Dataset items:
"""

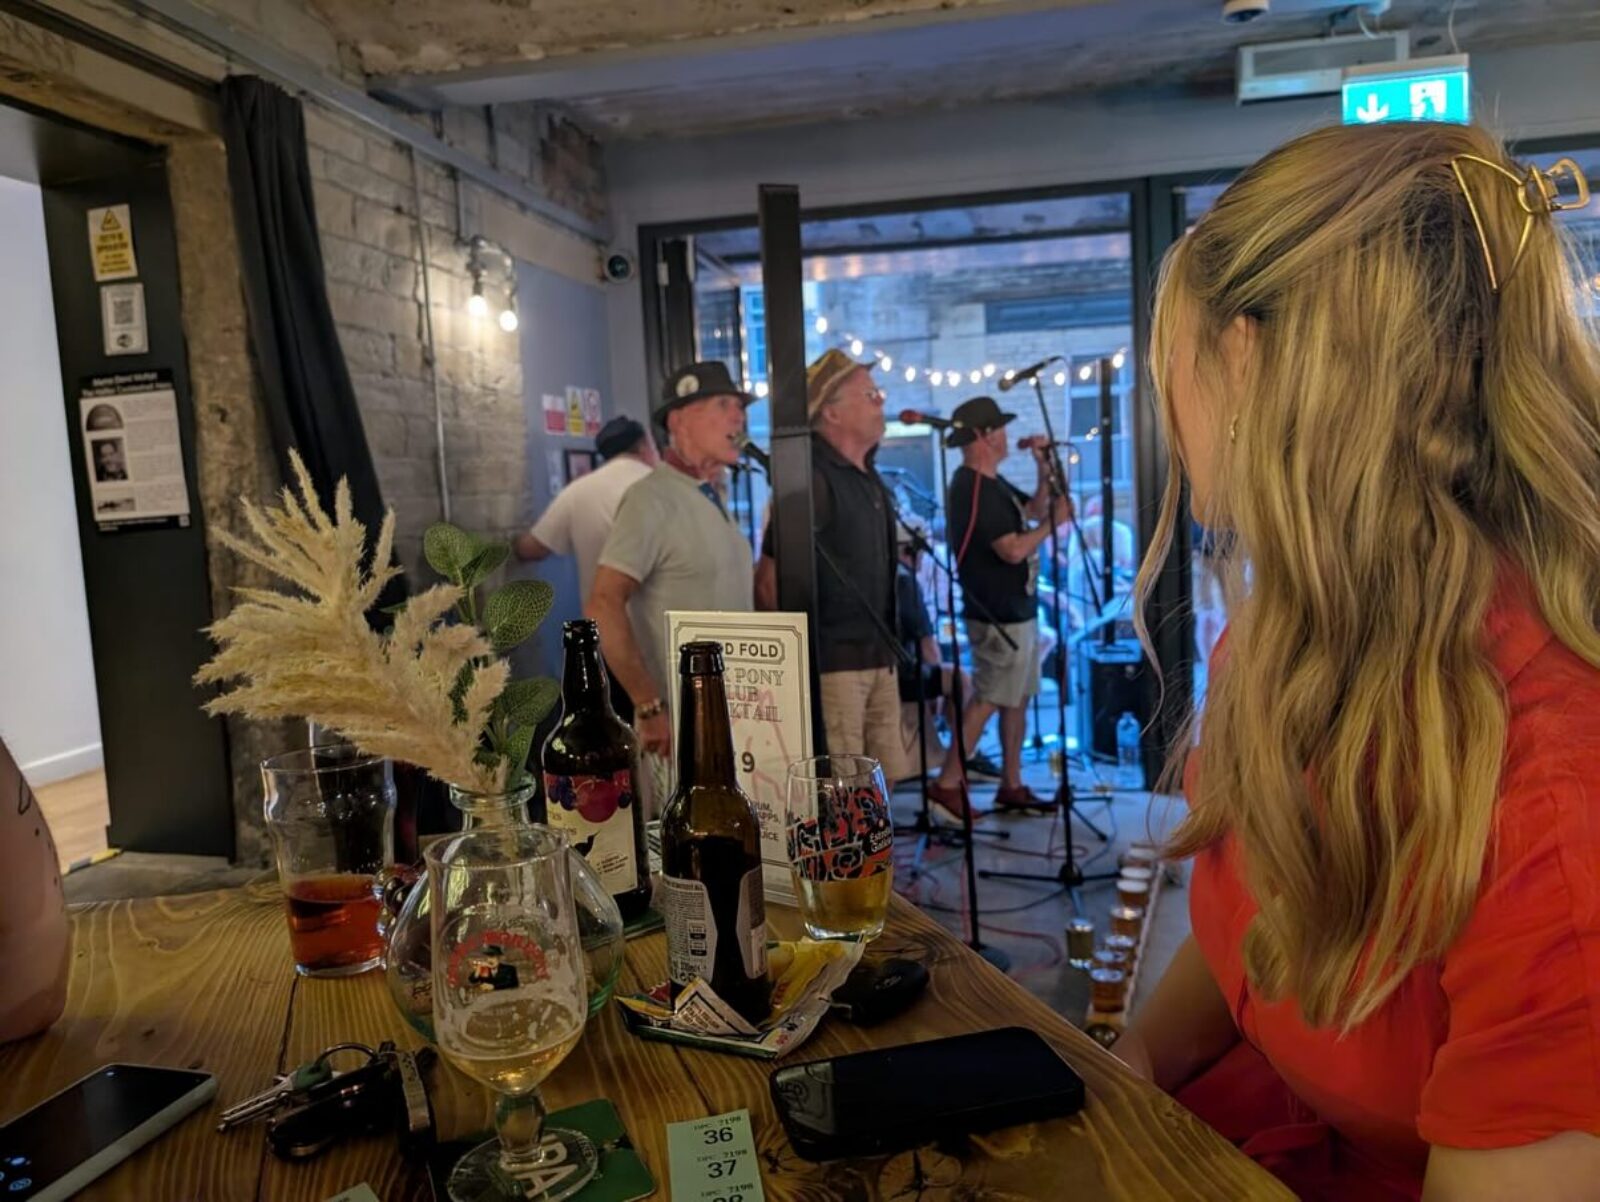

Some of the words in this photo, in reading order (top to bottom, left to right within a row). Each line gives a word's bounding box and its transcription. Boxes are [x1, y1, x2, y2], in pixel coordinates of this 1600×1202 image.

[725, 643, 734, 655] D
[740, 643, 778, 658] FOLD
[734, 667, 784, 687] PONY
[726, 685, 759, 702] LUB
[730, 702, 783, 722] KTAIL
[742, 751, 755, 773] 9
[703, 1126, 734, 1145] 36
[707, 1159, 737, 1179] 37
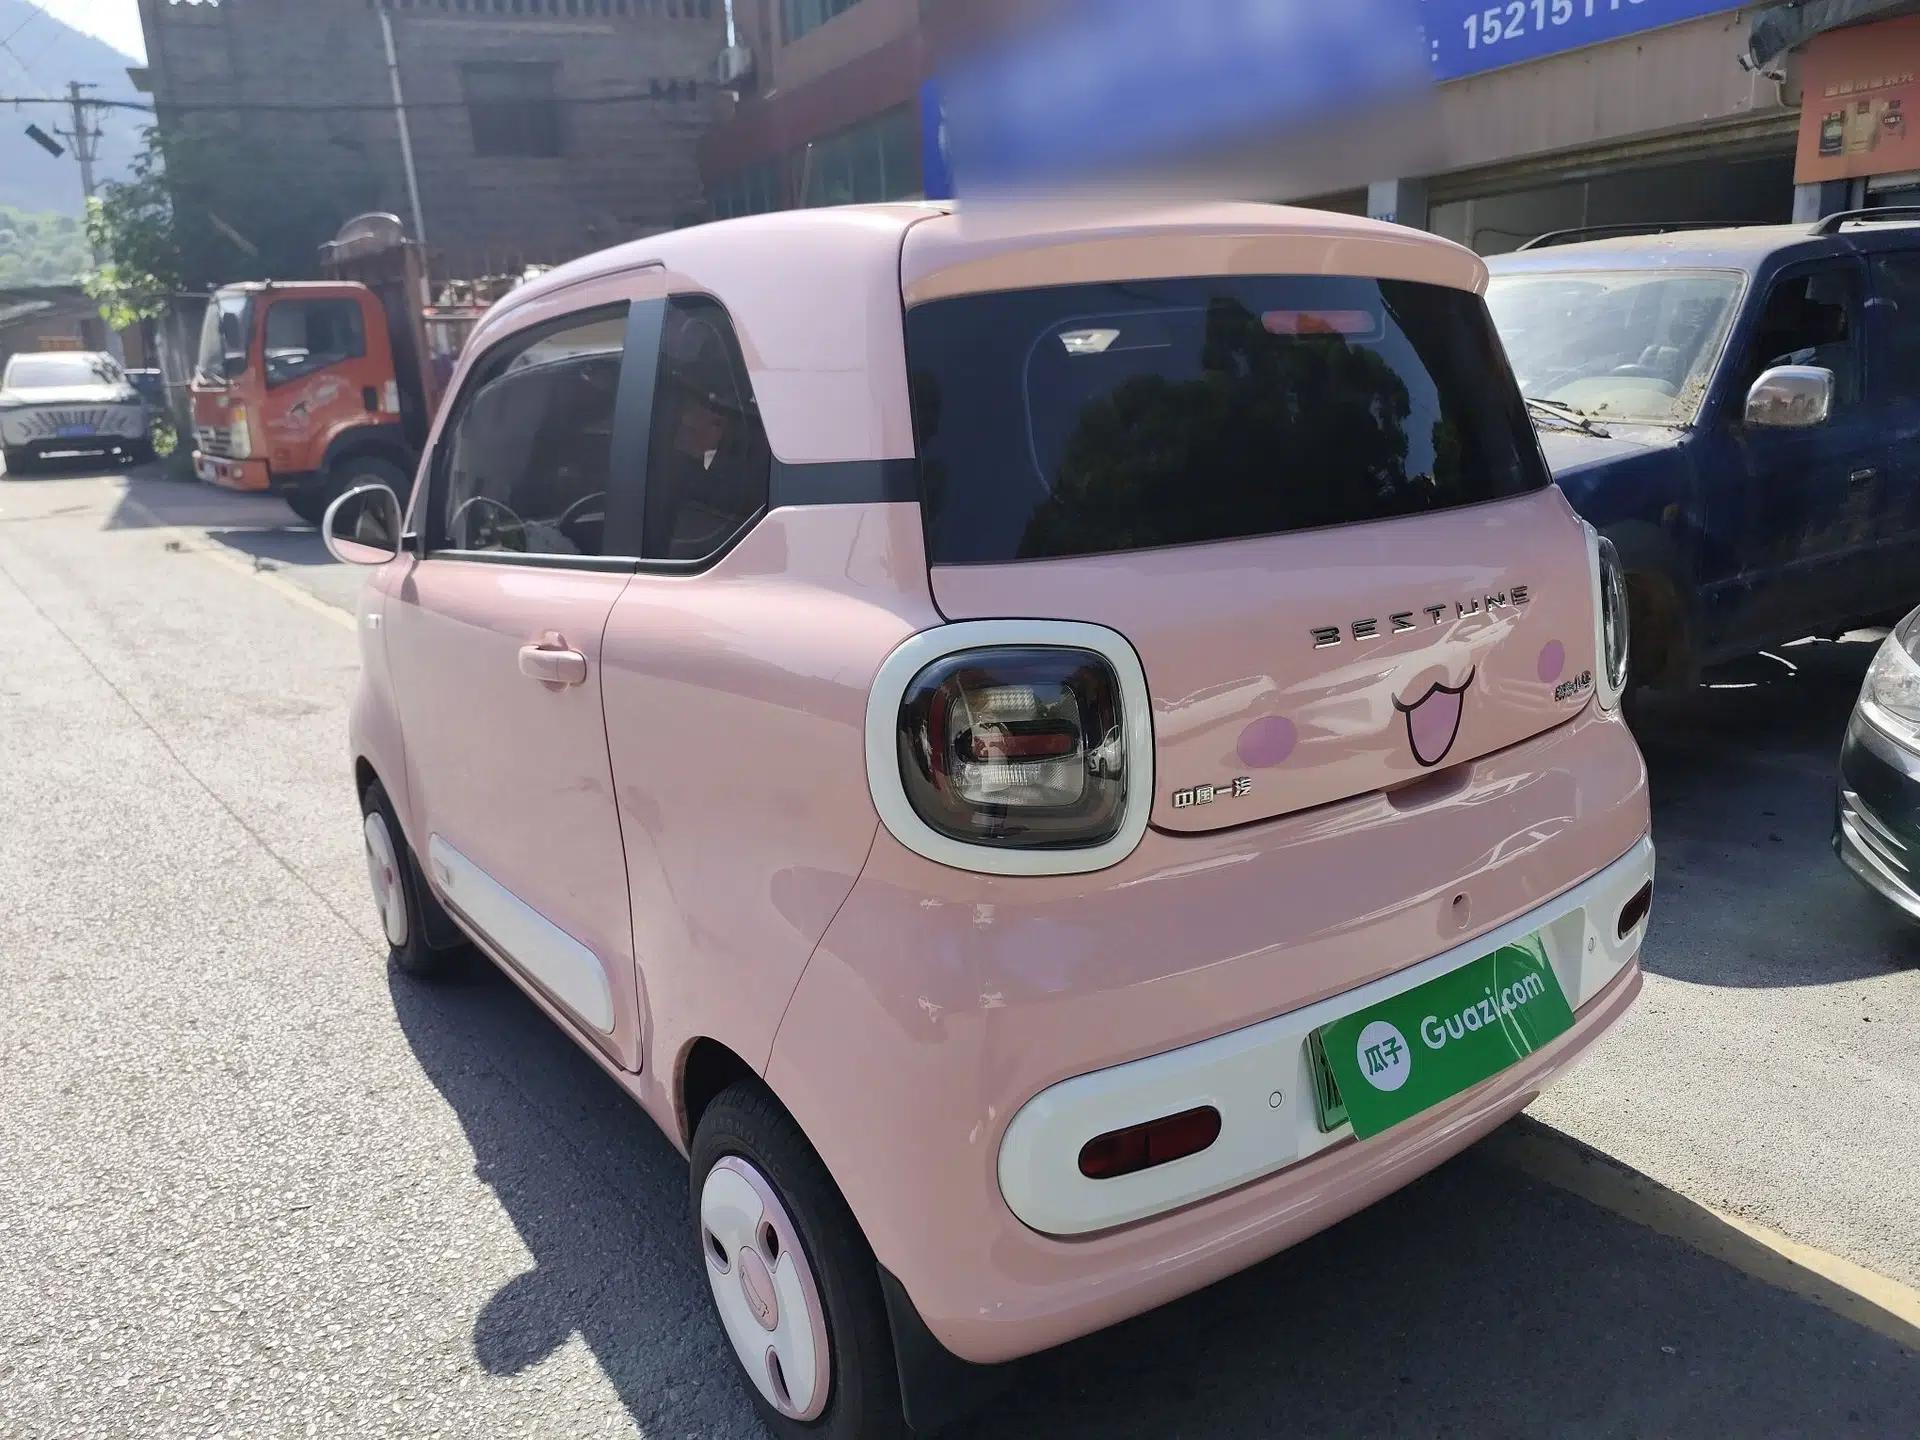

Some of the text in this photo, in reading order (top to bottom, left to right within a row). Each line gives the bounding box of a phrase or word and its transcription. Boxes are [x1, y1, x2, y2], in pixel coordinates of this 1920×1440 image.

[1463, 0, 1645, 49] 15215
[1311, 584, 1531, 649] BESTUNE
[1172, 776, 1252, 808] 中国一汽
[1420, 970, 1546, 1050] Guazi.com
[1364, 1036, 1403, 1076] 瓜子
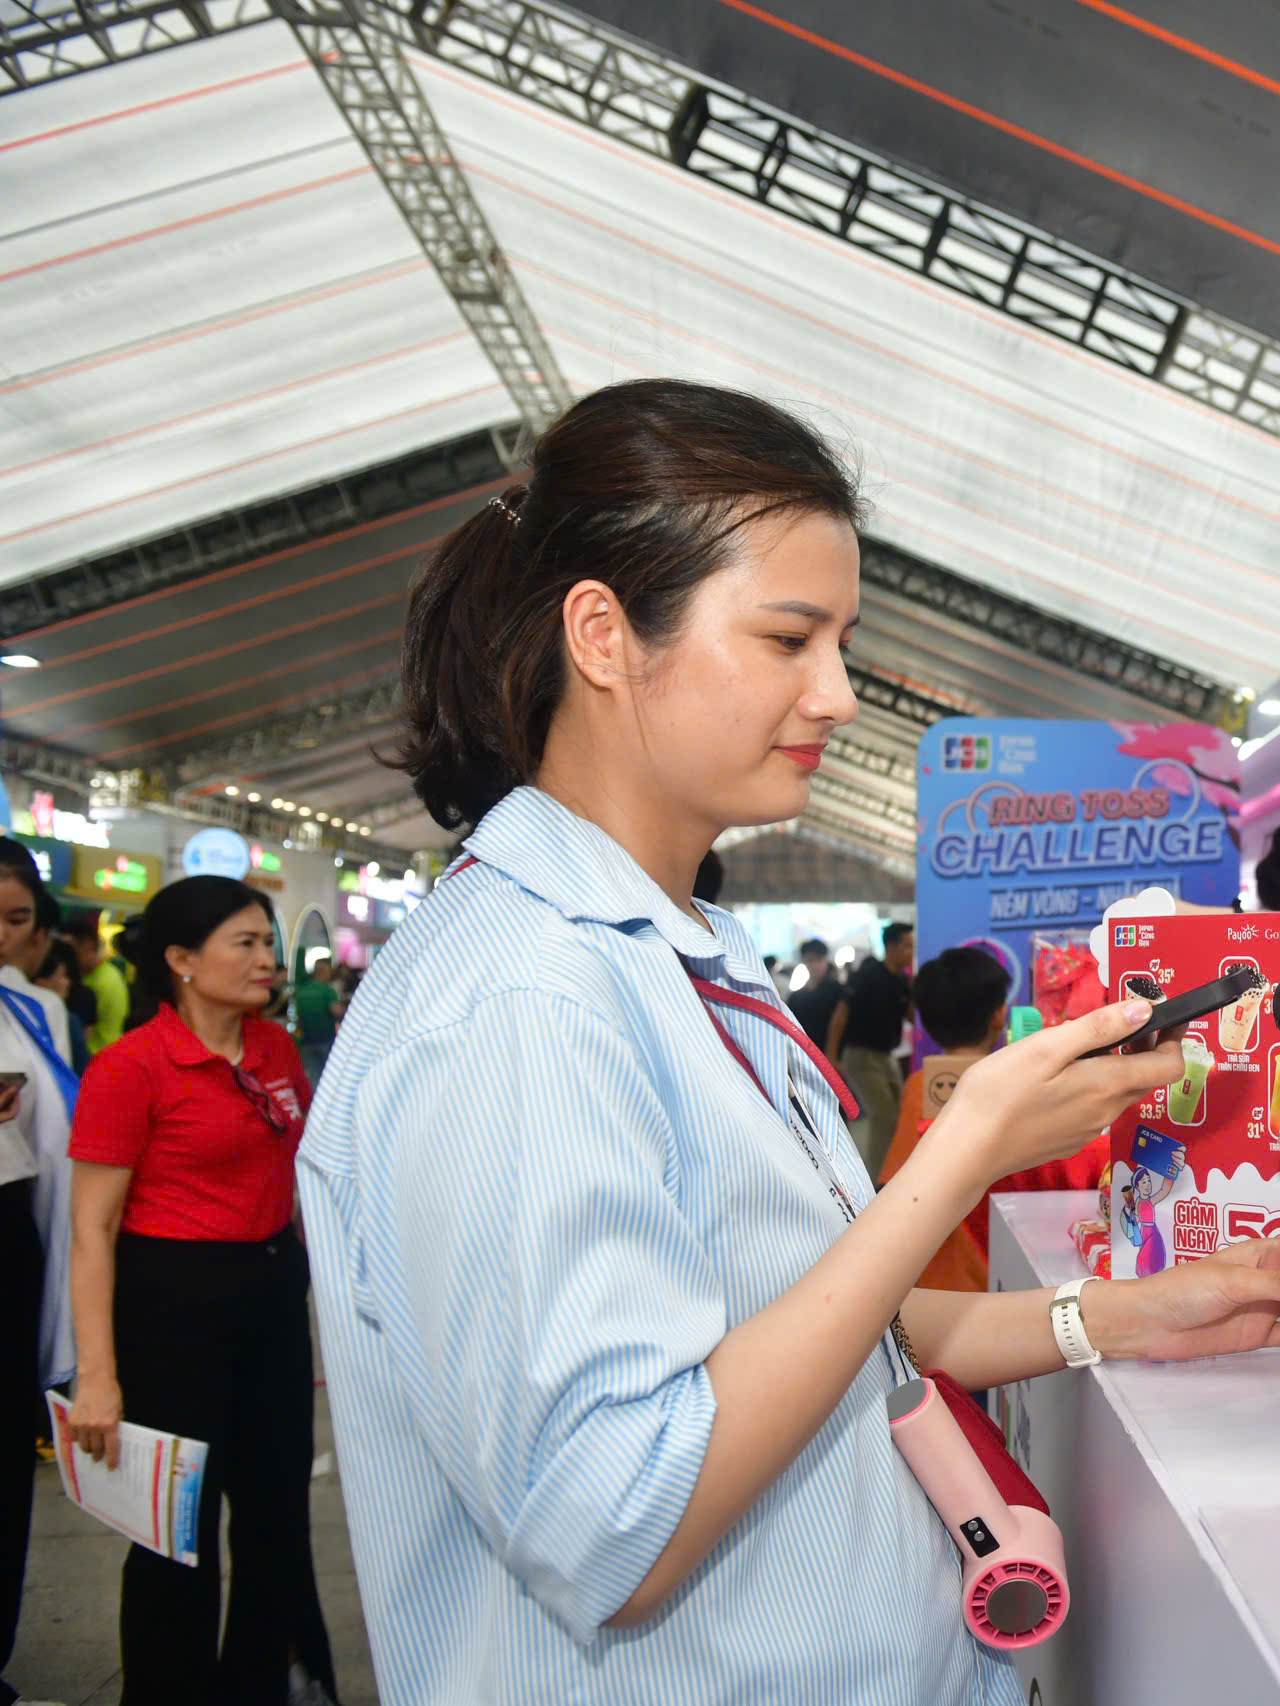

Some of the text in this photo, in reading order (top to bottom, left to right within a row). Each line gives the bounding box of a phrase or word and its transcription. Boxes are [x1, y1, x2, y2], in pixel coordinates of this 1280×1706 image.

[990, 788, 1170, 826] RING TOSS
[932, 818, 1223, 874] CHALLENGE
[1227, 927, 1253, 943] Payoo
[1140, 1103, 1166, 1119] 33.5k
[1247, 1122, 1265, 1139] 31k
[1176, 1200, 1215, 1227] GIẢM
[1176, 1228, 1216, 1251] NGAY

"""

Task item ▸
Reproduce exactly the lines above from the one with "this 1920×1440 image." through the last line of the data, keeping both ends and dropping the pictures.

Completed task ▸
Some of the text in this photo, in reading order (top to bottom, left to right within a row). Each line gives the bounding box of a phrase or word and its transcription. Boxes are [x1, y1, x2, y2], in pixel coordinates of this 1920×1440 image.

[1463, 0, 1645, 49] 15215
[1311, 584, 1531, 649] BESTUNE
[1172, 776, 1252, 808] 中国一汽
[1420, 970, 1546, 1050] Guazi.com
[1364, 1036, 1403, 1076] 瓜子

Some of the text in this photo, in reading order (top to bottom, left to right within a row). Each line gives the bounding box of a phrase or word and its transcription. Boxes are [x1, y1, x2, y2], in pixel coordinates of this 1280×1706 image.

[990, 788, 1170, 826] RING TOSS
[932, 818, 1223, 874] CHALLENGE
[1227, 927, 1253, 943] Payoo
[1140, 1103, 1166, 1119] 33.5k
[1247, 1122, 1265, 1139] 31k
[1176, 1200, 1215, 1227] GIẢM
[1176, 1228, 1216, 1251] NGAY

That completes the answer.